(Provided material begins)
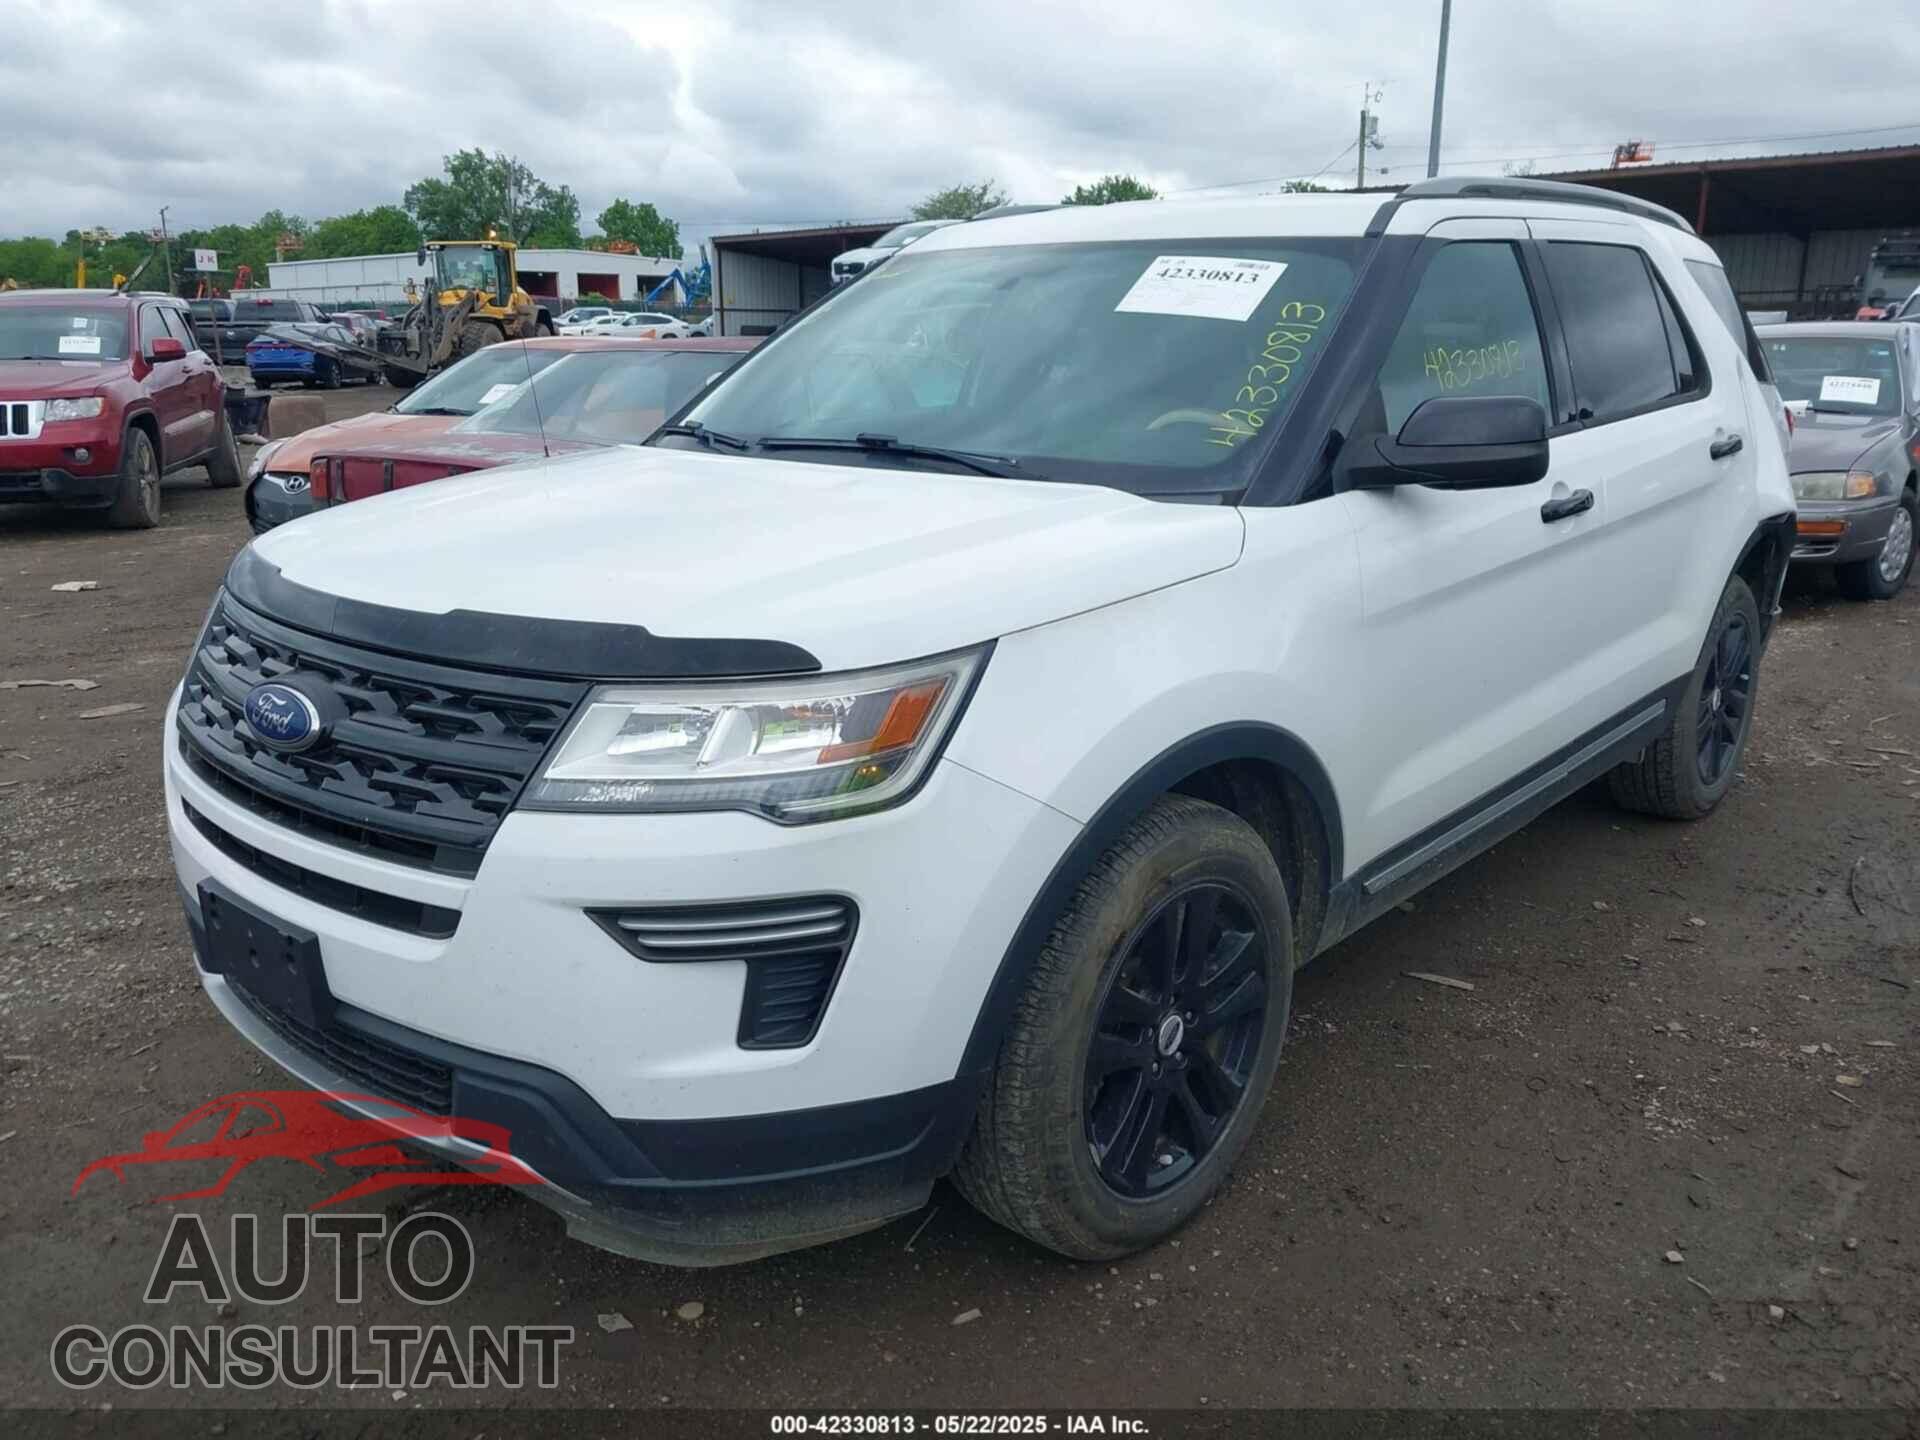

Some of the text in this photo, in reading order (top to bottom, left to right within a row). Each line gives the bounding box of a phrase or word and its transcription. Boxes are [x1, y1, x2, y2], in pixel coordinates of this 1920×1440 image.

[1156, 267, 1260, 284] 42330813
[1204, 301, 1326, 447] 42330813
[252, 692, 295, 734] Ford
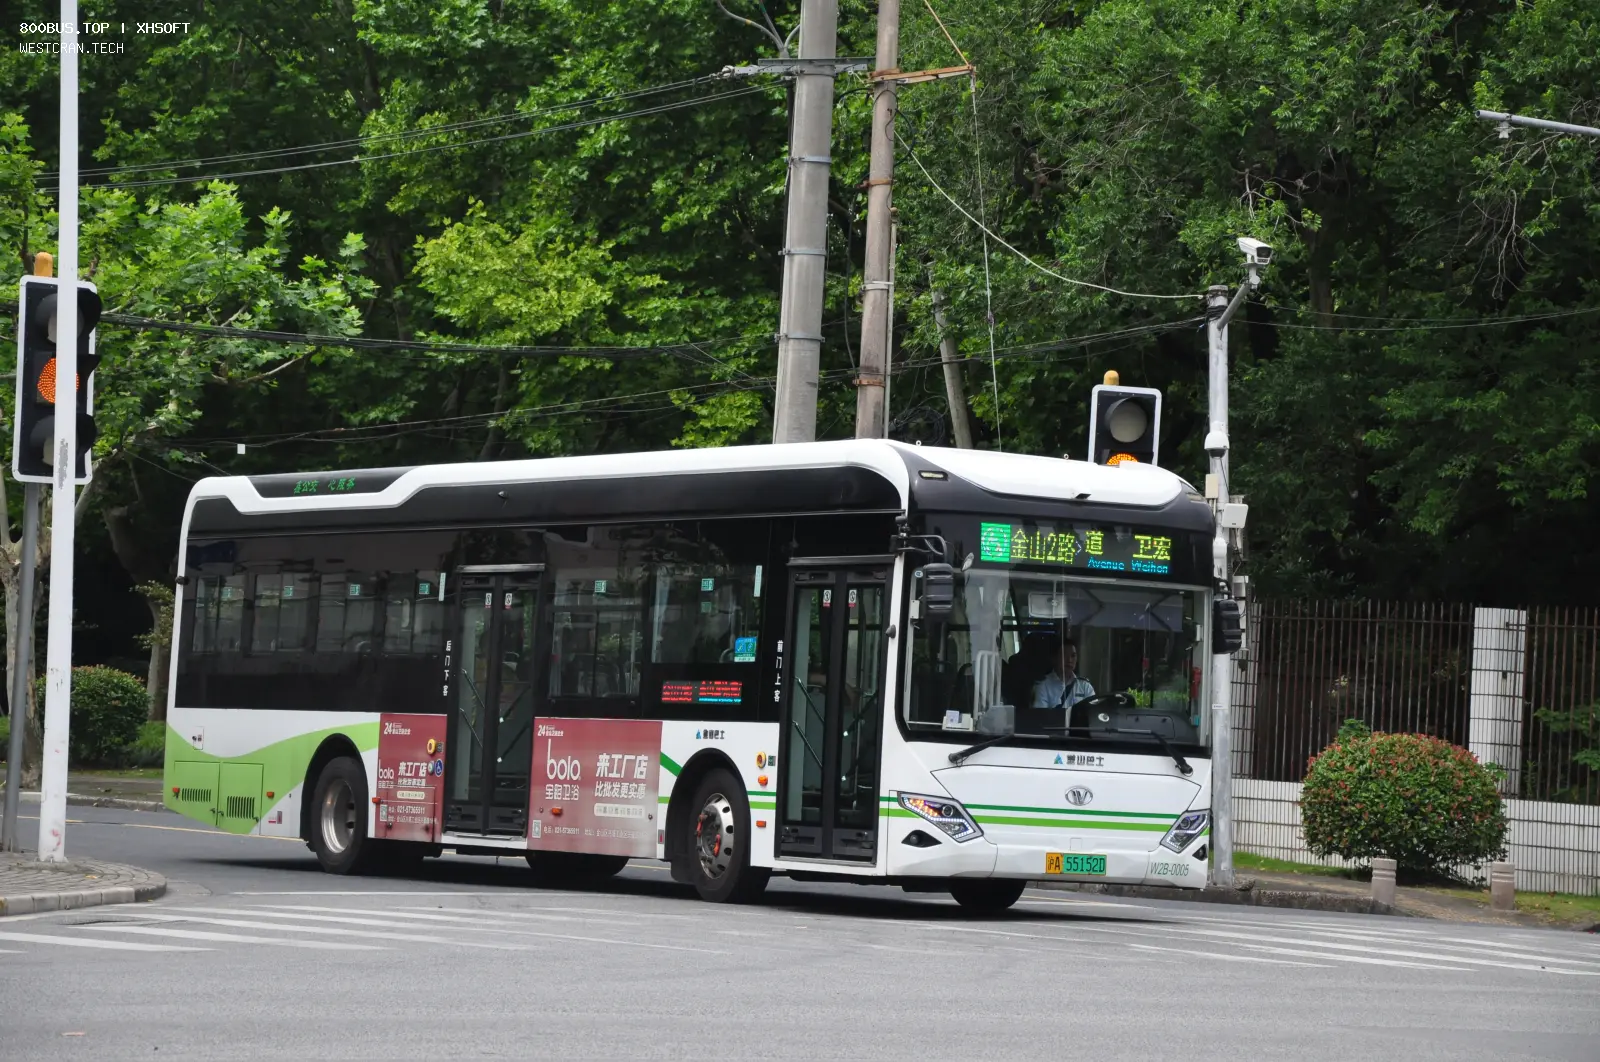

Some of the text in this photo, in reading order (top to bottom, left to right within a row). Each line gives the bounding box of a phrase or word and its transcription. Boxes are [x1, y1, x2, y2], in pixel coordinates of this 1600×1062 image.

[1011, 528, 1172, 564] 金山2路 道 卫宏
[1087, 556, 1125, 570] Avenue
[537, 725, 546, 737] 24
[546, 738, 581, 781] bolo
[595, 752, 649, 780] 来工厂店
[378, 758, 395, 780] bolo
[398, 761, 428, 777] 来工厂店
[594, 780, 647, 799] 比批发更实惠
[1066, 855, 1106, 873] 55152D
[1150, 862, 1190, 877] W2B-0005
(Provided material ends)
> _Task requirements_: Repeat every record above exactly. The pictures do not belong in the copy.

> _Exercise answer_:
Some of the text in this photo, in reading order (top to bottom, left to right within a row). Each line gives the bounding box of a phrase or word and its transcription. Boxes are [x1, y1, x2, y2], in pixel coordinates of this 1920×1440 image.

[1156, 267, 1260, 284] 42330813
[1204, 301, 1326, 447] 42330813
[252, 692, 295, 734] Ford

Some of the text in this photo, in reading order (top to bottom, left to right within a row). Each line gives the bounding box of a phrase or word and its transcription. Boxes are [x1, y1, x2, y2], in pixel coordinates of this 1600×1062 image.

[1011, 528, 1172, 564] 金山2路 道 卫宏
[1087, 556, 1125, 570] Avenue
[537, 725, 546, 737] 24
[546, 738, 581, 781] bolo
[595, 752, 649, 780] 来工厂店
[378, 758, 395, 780] bolo
[398, 761, 428, 777] 来工厂店
[594, 780, 647, 799] 比批发更实惠
[1066, 855, 1106, 873] 55152D
[1150, 862, 1190, 877] W2B-0005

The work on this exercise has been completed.